DP:  Organizations are outsourcing things differently nowadays.  Core functions should be handled internally, and organizations should also consider looking to partners for credible resources, because it’s difficult to find skilled individuals.  The hospitals who are doing it right have credible resources, either external or internal, and they work with that person or group to determine how to spend the resources they have.  They also block and tackle, implement change controls, and build a strong core foundation.  Most hospitals don’t have the staff to do this, and that’s where partners can help.

What do you see as common security weaknesses when working with hospitals?
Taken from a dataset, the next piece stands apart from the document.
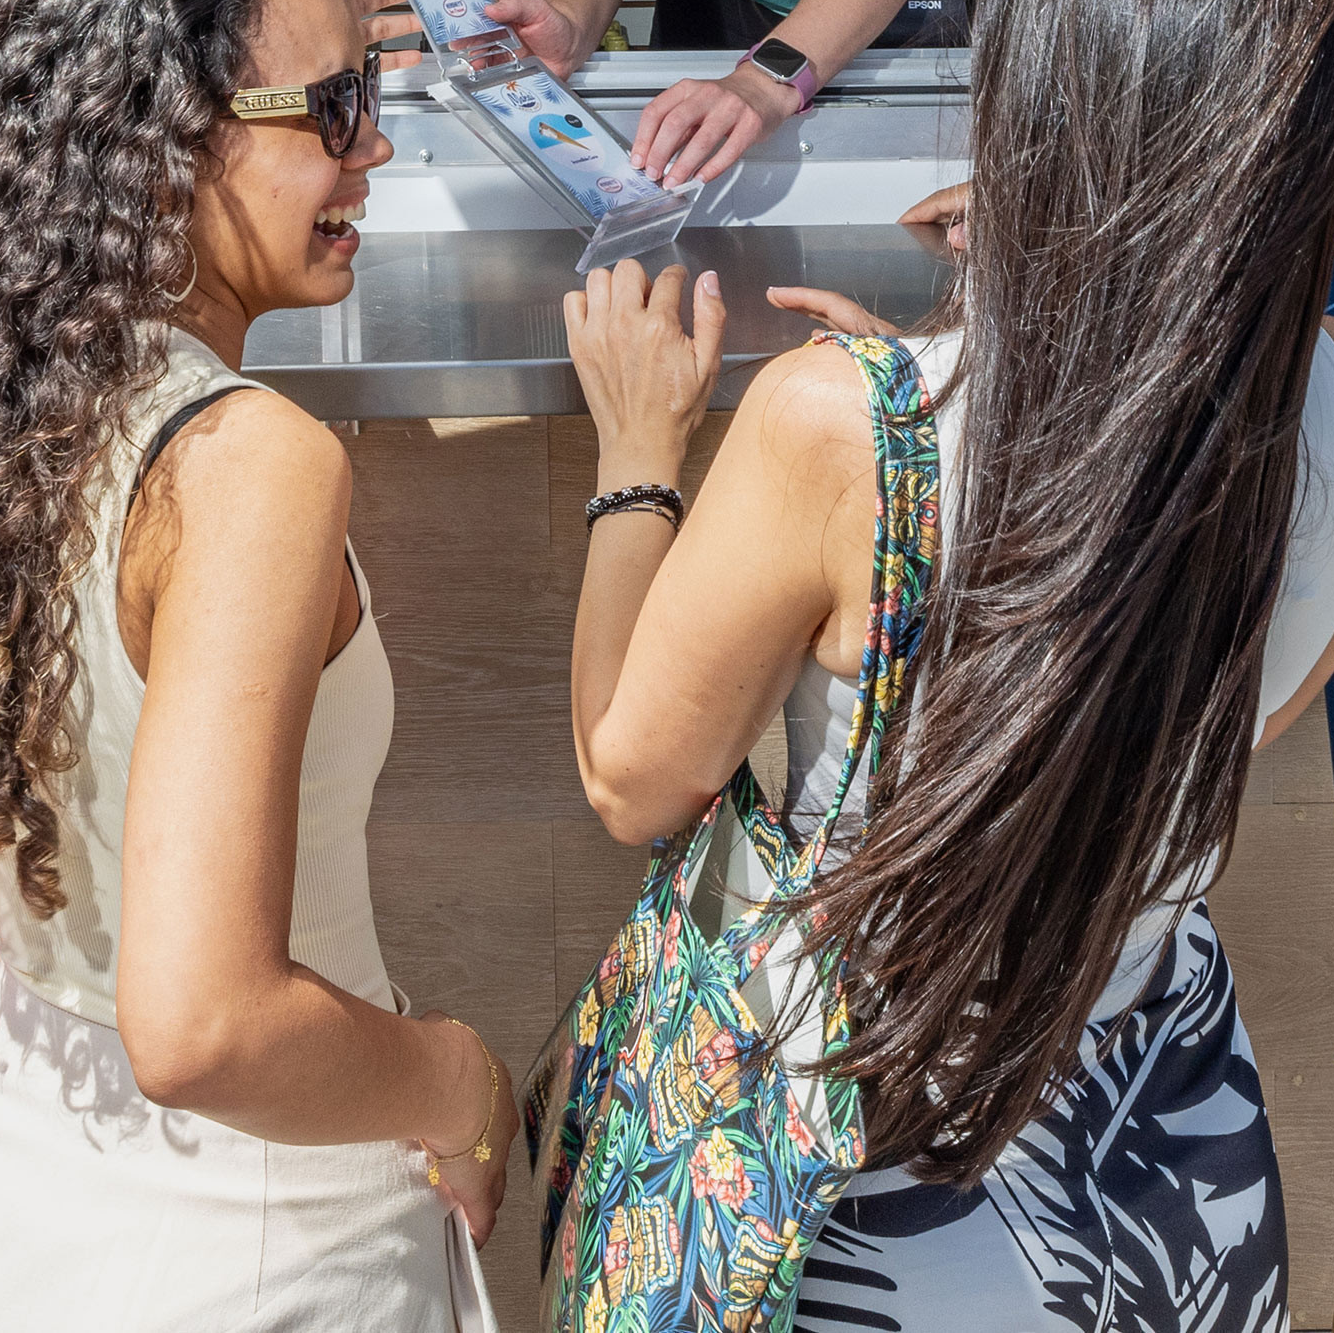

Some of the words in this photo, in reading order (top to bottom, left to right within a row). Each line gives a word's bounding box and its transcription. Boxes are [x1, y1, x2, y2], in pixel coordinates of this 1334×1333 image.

[908, 0, 942, 10] EPSON
[244, 94, 299, 109] GUESS
[507, 92, 536, 107] Makai
RP:  The blocking and tackling of security best practice: poor patch management, limited risk stratification, lack of senior management involvement/support.  Doing the things that we all know that we should be doing, but don’t always do, are the root of some of the biggest gaps we find.
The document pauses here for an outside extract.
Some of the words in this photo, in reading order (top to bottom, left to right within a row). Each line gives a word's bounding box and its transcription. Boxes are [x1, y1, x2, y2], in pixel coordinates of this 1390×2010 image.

DP:  Senior leadership will always want to be secure.  They say it, they need it, they think about it when they go home at night, but they don’t really know what it means.  I don’t like the word “secure”, because it implies that it’s black and white.  It comes down to how much risk you are willing to accept.

If you could pick 3 things that a hospital IT team could do today that would have an immediate impact to improve their security stance, what would they be?

RP: Find a champion within senior management, understand that it “takes a village” and invest in DLP. 

DD:  1. Make sure the entire organization is engaged.  2. Do some sort of phishing exercise, with consequences – this is a key high-impact, low cost activity.  3.Implement a comprehensive program that you are committed to following.

DP:  Document what you have in your environment and who has access to the network.  Make a senior leader responsible and have an external review done by someone with technical horsepower who takes a detailed look at the system – server patching, IP addresses, etc.

It’s important for healthcare organizations to think about security for the long term as well.  Can you name 3 things that healthcare organizations should put on their security roadmap?

RP: Data Loss Prevention is a very powerful tool that provides actionable intelligence.  Establish long term strategic and tactical partnerships. Invest in a partner that can help you along your journey. Establish a Security/Privacy Consortium which includes members of the executive committee and reports to the board.

DD:  The three things that I would say are to put a risk management program in place, number one.  Organizations are used to managing financial risk, clinical risk, reputational risk, now start managing cyber risk in the same manner.  Second Establish an appropriate cadence of technical solutions.  What I mean by that, is don’t’ cobble together a bunch of point solutions to only to rip it out years later to replace it with a unified system.  We have the opportunity now to take a step back and put together a comprehensive program.  Third, I would start making sure that medical devices are on your roadmap.  These represent the single biggest threat to healthcare as it pertains to patient outcomes.  Those who don’t have a strategy for monitoring these devices could potentially find themselves in a high-risk situation.

DP:    For the long term, hospitals need a baseline to work with.  Make sure things are being done the way they are supposed to be done – document, do a gap analysis, and remediate where needed.  Second, I believe that the lowest risk comes from a well-run operation.  Security needs to be integrated into the environment and into everyone’s responsibilities. Third, implementing standards like ITIL is the next level of blocking and tackling.  Doing this can lower risk dramatically.